Ocasio-Cortez echoed these requests at a rally in New York City’s Union Square, calling federal abortion clinics “the baby steps of babies.”
However, when asked about the possibility of doing so, Vice President Harris told CNN’s Dana Bash it was unlikely.
They differ from abortion pills – such as Mifeprex – which require a prescription and take two different pills ten weeks apart.
Many women may only buy one pack of “morning after” pills at a time, and those who buy more want to stock up.
CVS set the limit on Saturday and Rite Aid followed suit on Monday.
A spokeswoman for CVS said they saw a “sharp increase” in sales immediately after the ruling, triggering the limit.
But now that sales are back to ‘normal’, they are in the process of lifting the restriction.
They added: “We still have an ample supply of emergency contraceptives to meet customer needs.”

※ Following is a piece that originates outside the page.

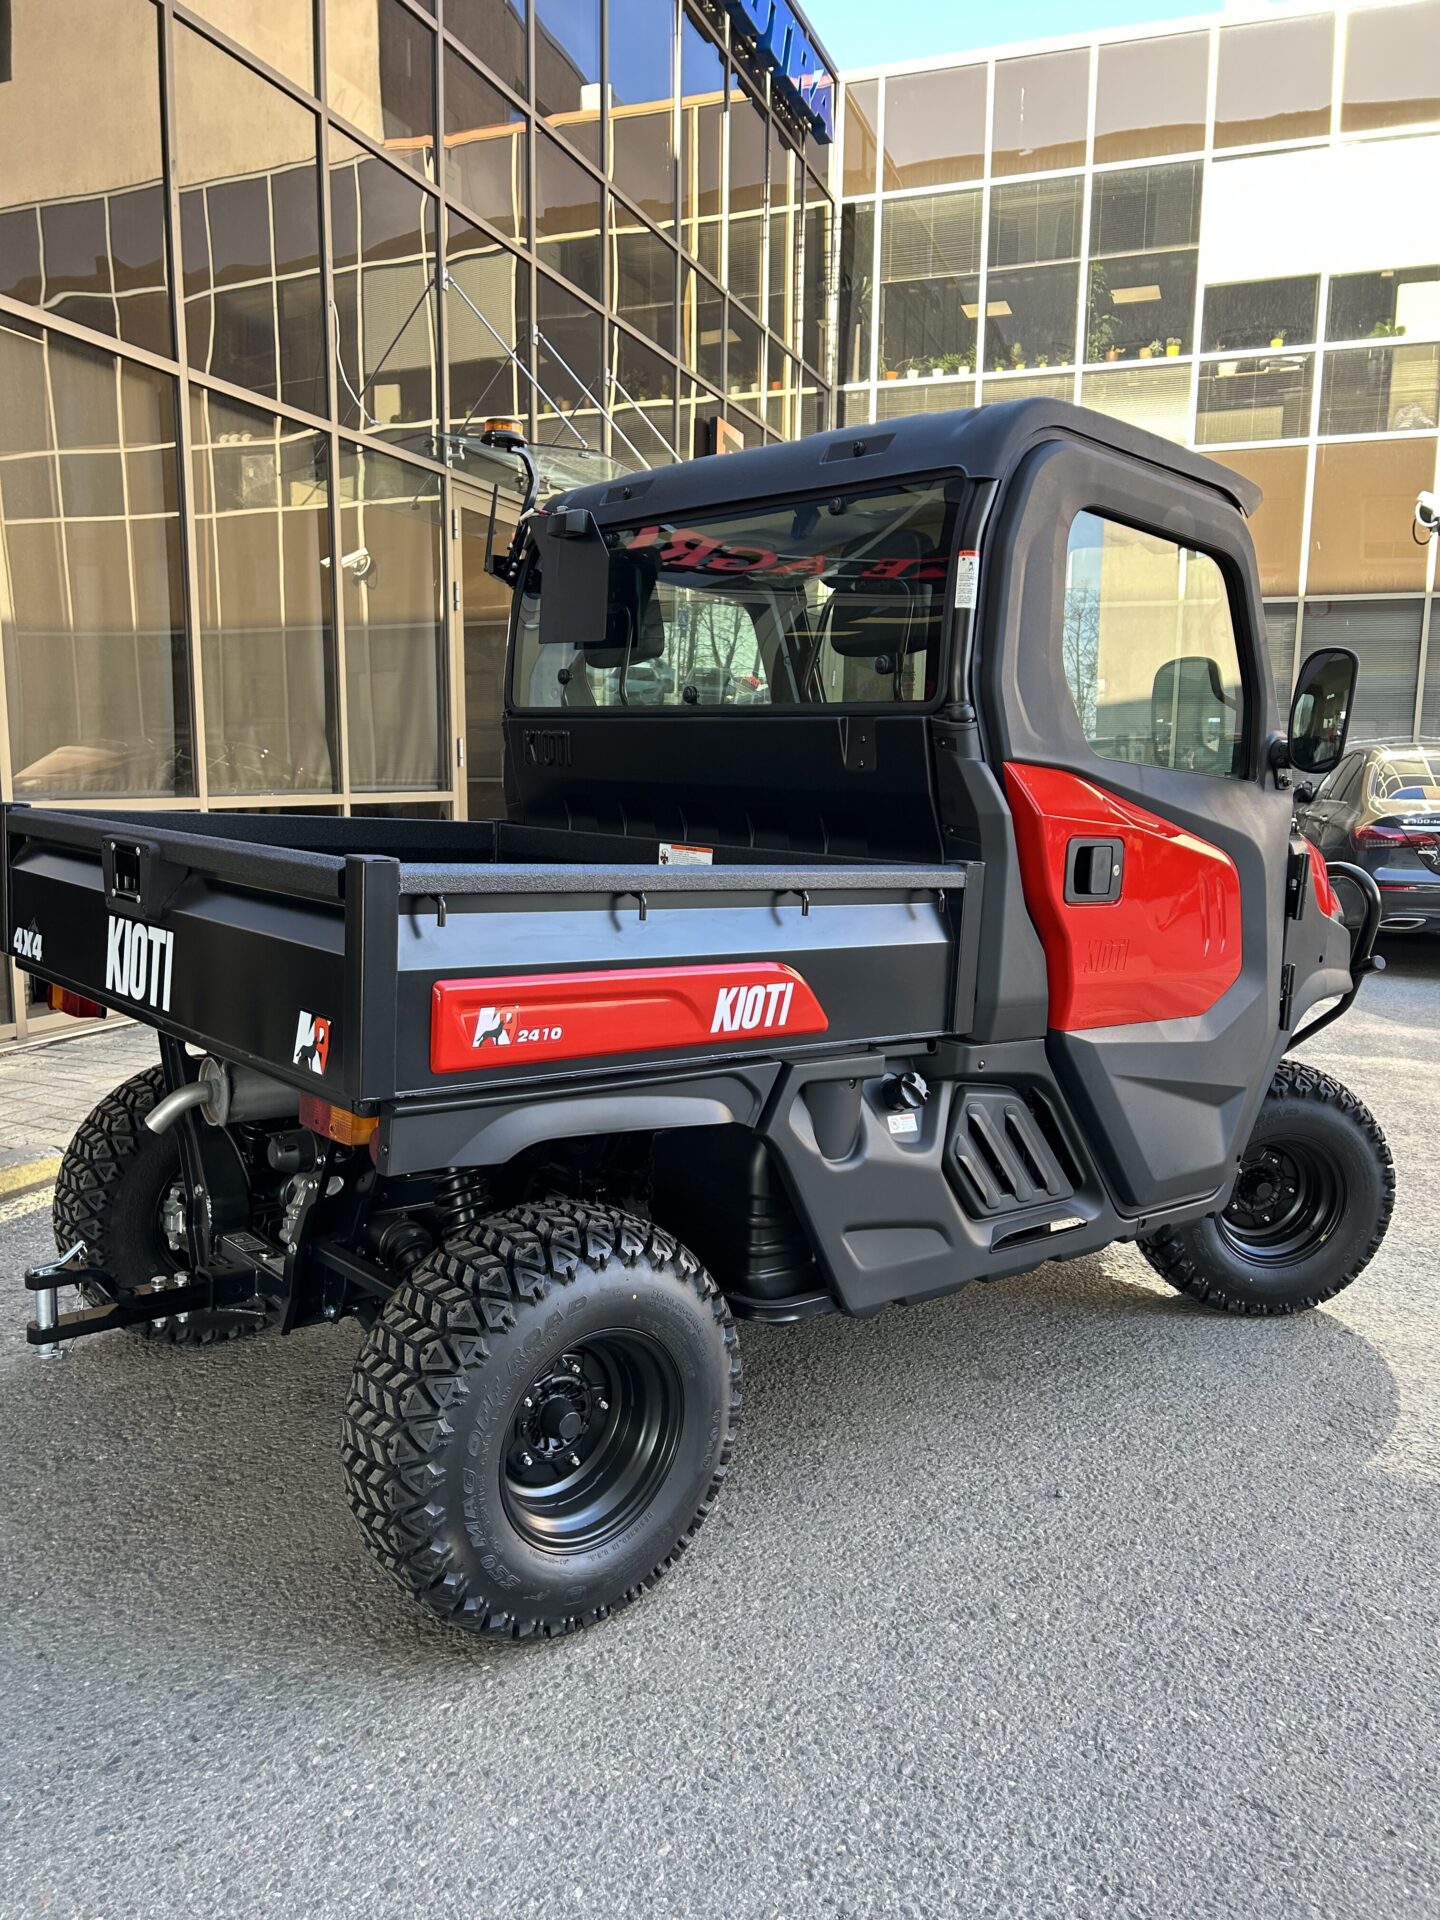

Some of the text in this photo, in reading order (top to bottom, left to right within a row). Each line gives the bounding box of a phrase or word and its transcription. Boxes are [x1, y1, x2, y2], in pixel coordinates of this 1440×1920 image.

Rite Aid also has Plan B pills available for $47.49 each and Option 2 pills for $32.99 each.
Walgreens said it was still able to meet “in-store demand” and was “working” to restock its online inventory. The pharmacy did not say when the home delivery pills were sold out.
Other pharmacies, including Walmart, have yet to place restrictions on the sale of “morning after” pills.
It’s because women rush to stock up on abortion pills and birth control for fear that access could be banned.
Last week, Clarence Thomas, the court’s longest-serving judge, warned that they could “rethink” rulings on access to birth control, suggesting that the right to the “morning after” pill could also be in jeopardy.
This has caused panic in many circles, with women now rushing to replenish their supply.
In the days since Roe v Wade was overturned, some clinics say their appointments have quadrupled since the Roe v Wade ruling.
Abortion organization Planned Parenthood Southeast, in Atlanta, Georgia, also says they’ve dealt with a surge of women wanting to know how many pills are available.
But amid the buzz, many are being urged not to completely empty the shelves of abortion pills to ensure they remain available to women who need them now.
Abortion pills are expected to become the focus of many legal battles in the states to ban abortion.
So far, 13 states have already passed new laws, with Alabama, Arkansas, Kentucky, Louisiana and Missouri banning them entirely, with no exceptions for rape or incest.
In a statement on its website, Just The Pill said it is “undaunted by the Supreme Court’s decision and will continue to provide care to the people who need it most.” We’re here for you.
‘In Minnesota, Montana, Wyoming and Colorado you can still come to us. Let us know if you need help with travel arrangements and costs.’
Drug-induced abortion is still allowed by the Food and Drug Administration for the first 10 weeks of pregnancy.
It requires a woman to take two drugs 24 to 48 hours apart to cause contractions similar to a miscarriage that expels the fetus and causes heavy bleeding.
Medication is cheaper and more invasive, and the pills can be shipped to your home, meaning it’s a common choice for women who choose to have an abortion.